> [Task statement]: Each line below needs to be printed again exactly.
[Opening Entries supplied section]
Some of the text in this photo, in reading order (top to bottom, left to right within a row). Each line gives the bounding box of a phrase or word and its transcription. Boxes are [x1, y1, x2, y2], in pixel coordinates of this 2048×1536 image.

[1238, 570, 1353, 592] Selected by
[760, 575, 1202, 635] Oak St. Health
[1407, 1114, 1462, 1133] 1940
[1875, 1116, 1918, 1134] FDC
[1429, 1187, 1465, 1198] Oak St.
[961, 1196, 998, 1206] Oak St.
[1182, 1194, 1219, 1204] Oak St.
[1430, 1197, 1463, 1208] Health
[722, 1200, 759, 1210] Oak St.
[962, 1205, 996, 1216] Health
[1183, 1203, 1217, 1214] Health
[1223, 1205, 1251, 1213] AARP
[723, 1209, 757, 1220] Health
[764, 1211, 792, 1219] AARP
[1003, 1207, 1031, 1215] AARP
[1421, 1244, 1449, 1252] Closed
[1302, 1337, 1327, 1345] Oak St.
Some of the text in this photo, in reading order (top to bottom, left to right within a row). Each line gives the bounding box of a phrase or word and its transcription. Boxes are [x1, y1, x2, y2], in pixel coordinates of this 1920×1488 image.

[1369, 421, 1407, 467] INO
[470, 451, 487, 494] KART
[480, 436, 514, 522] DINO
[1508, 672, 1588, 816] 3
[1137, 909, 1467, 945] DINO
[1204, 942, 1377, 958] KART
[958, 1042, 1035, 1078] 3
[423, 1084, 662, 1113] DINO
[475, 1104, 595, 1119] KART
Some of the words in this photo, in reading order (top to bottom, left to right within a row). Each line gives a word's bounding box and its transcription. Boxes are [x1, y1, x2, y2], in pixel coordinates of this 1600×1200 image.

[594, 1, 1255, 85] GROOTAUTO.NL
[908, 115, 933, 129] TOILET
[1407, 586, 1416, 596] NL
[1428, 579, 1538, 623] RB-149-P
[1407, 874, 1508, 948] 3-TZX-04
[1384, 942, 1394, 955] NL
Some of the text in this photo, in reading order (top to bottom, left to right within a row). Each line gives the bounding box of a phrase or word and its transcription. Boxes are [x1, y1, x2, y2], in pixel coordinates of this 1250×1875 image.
[Closing Entries supplied section]
> [Response below]:
Some of the text in this photo, in reading order (top to bottom, left to right within a row). Each line gives the bounding box of a phrase or word and its transcription. Boxes are [x1, y1, x2, y2], in pixel coordinates of this 2048×1536 image.

[1238, 570, 1353, 592] Selected by
[760, 575, 1202, 635] Oak St. Health
[1407, 1114, 1462, 1133] 1940
[1875, 1116, 1918, 1134] FDC
[1429, 1187, 1465, 1198] Oak St.
[961, 1196, 998, 1206] Oak St.
[1182, 1194, 1219, 1204] Oak St.
[1430, 1197, 1463, 1208] Health
[722, 1200, 759, 1210] Oak St.
[962, 1205, 996, 1216] Health
[1183, 1203, 1217, 1214] Health
[1223, 1205, 1251, 1213] AARP
[723, 1209, 757, 1220] Health
[764, 1211, 792, 1219] AARP
[1003, 1207, 1031, 1215] AARP
[1421, 1244, 1449, 1252] Closed
[1302, 1337, 1327, 1345] Oak St.
Some of the text in this photo, in reading order (top to bottom, left to right within a row). Each line gives the bounding box of a phrase or word and its transcription. Boxes are [x1, y1, x2, y2], in pixel coordinates of this 1920×1488 image.

[1369, 421, 1407, 467] INO
[470, 451, 487, 494] KART
[480, 436, 514, 522] DINO
[1508, 672, 1588, 816] 3
[1137, 909, 1467, 945] DINO
[1204, 942, 1377, 958] KART
[958, 1042, 1035, 1078] 3
[423, 1084, 662, 1113] DINO
[475, 1104, 595, 1119] KART
Some of the words in this photo, in reading order (top to bottom, left to right within a row). Each line gives a word's bounding box and its transcription. Boxes are [x1, y1, x2, y2], in pixel coordinates of this 1600×1200 image.

[594, 1, 1255, 85] GROOTAUTO.NL
[908, 115, 933, 129] TOILET
[1407, 586, 1416, 596] NL
[1428, 579, 1538, 623] RB-149-P
[1407, 874, 1508, 948] 3-TZX-04
[1384, 942, 1394, 955] NL
Some of the text in this photo, in reading order (top to bottom, left to right within a row). Each line gives the bounding box of a phrase or word and its transcription. Boxes are [x1, y1, x2, y2], in pixel coordinates of this 1250×1875 image.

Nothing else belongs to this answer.